I guess the question is: How do we avoid tarring good intentions of the many with the bad intentions of the few?
I have no idea personally. I know that there have been instances in the past where I've been chivalrous to a woman, like offering a seat or opening a door - but not because she was a woman. If she has her hands full and needs the door propped open or is of "an elderly disposition" then I offer the seat up for them. Perhaps my actions were perceived as chivalrous but my intention is not to be chivalrous? I can't quite recall instance where I have offered or done something because there was a woman present and I felt she needed my help because she was a woman. The best example that comes close would be getting on or off a bus or a train. Do I let the lady go out first? Maybe. Usually if she is old, because I know there is a generational gap there and it's social etiquette. If she was younger? Probably not.
I generally don't know how to be chivalrous without being condescending. Having said that, I try to be more chivalrous in conversations I have with girls, especially if there are many people in the conversation. If I cut across them, I will then apologise and say that I cut them off. Or I will stop as soon as i realise and then allow them to continue. Basically just being courteous.

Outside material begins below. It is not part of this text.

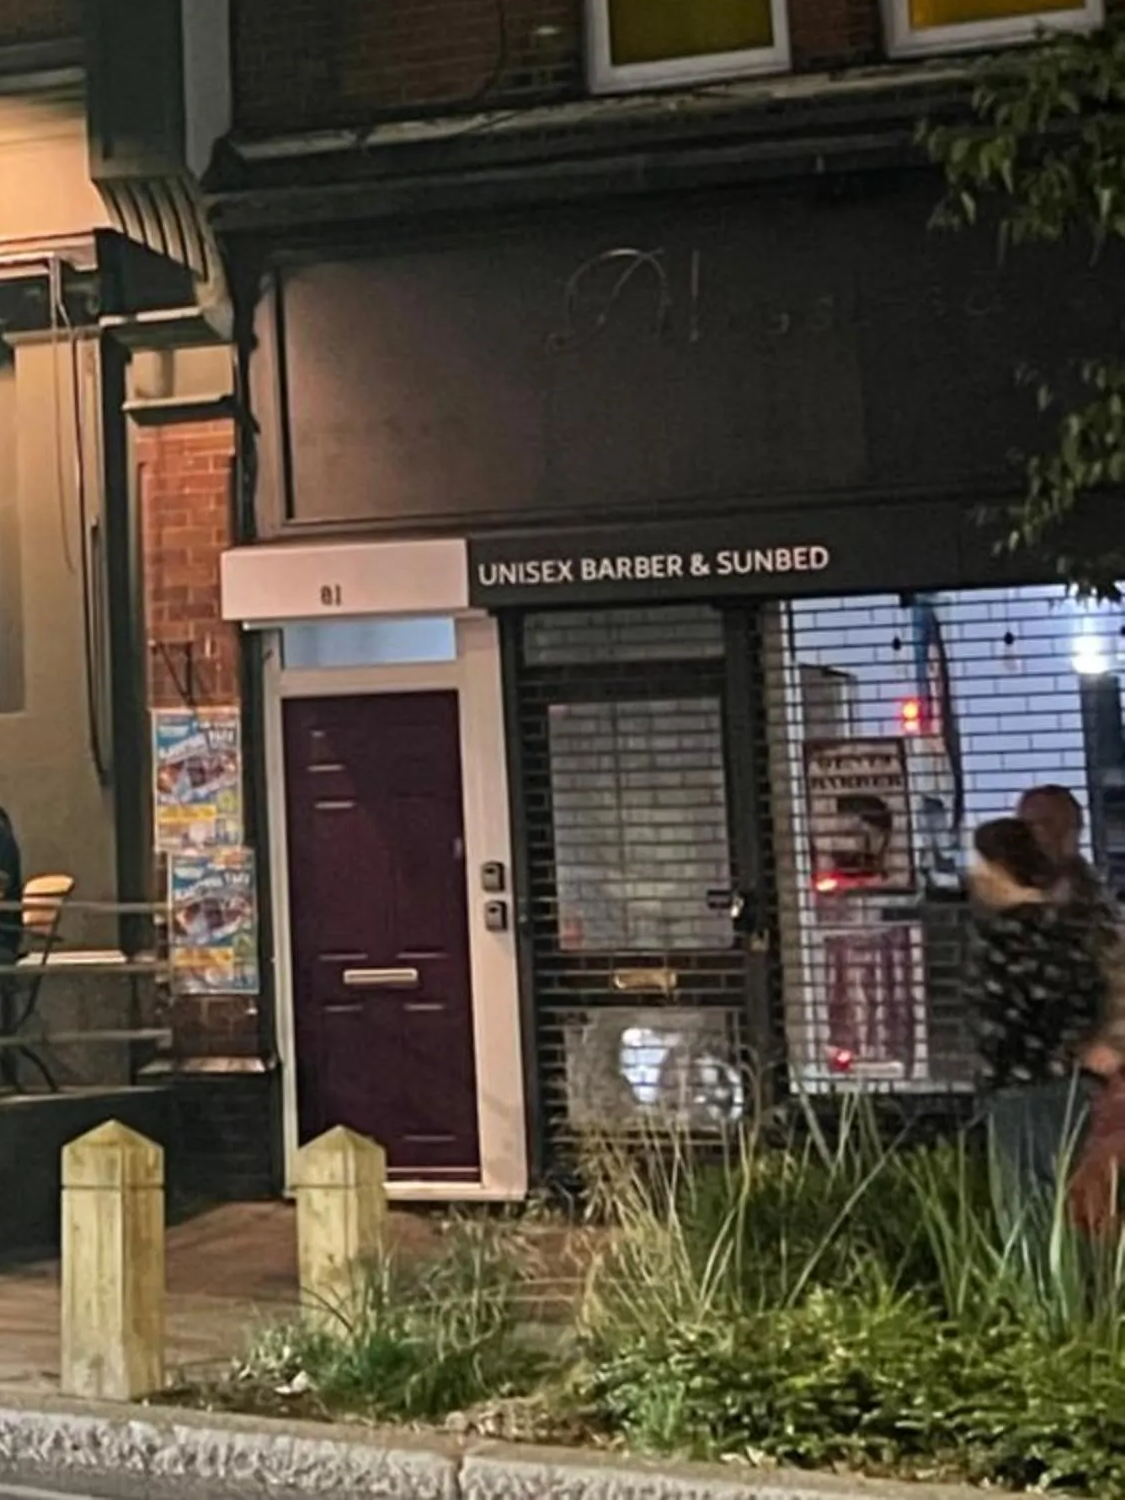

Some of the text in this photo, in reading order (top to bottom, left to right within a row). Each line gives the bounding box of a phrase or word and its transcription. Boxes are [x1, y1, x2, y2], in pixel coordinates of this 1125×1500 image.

In terms of whether or not a girl feels like I am being condescending or feels endangered by my presence? I simply can't know. So I can't make my choices based on the potential for someone to feel hurt by my presence. At the end of the day I will do what I do because I know I'm not an abuser. If my actions get miscontrued i will happily apologise but I can't simply change the way I get to a place (ie avoid an alleyway) or wait until a girl has walked down a street and then wait until she is gone. That's not how society works.
I think weak men are the real threat tbh. They are the ones that abuse women and use violence. They are the threat to women. It's got nothing to do with me.
Quick story: I was dropping my mum off at her work one day and the car behind me was tailgating me and he jumped out and started yelling all sorts of abuse towards her. She told me to drive off because of my safety, insisting that she put herself first. I was angry at her because she put herself in harm's way for me. Her justification for doing what she did was because the guy's appearance was respectable. Which is totally not the point. I think mum saw my point.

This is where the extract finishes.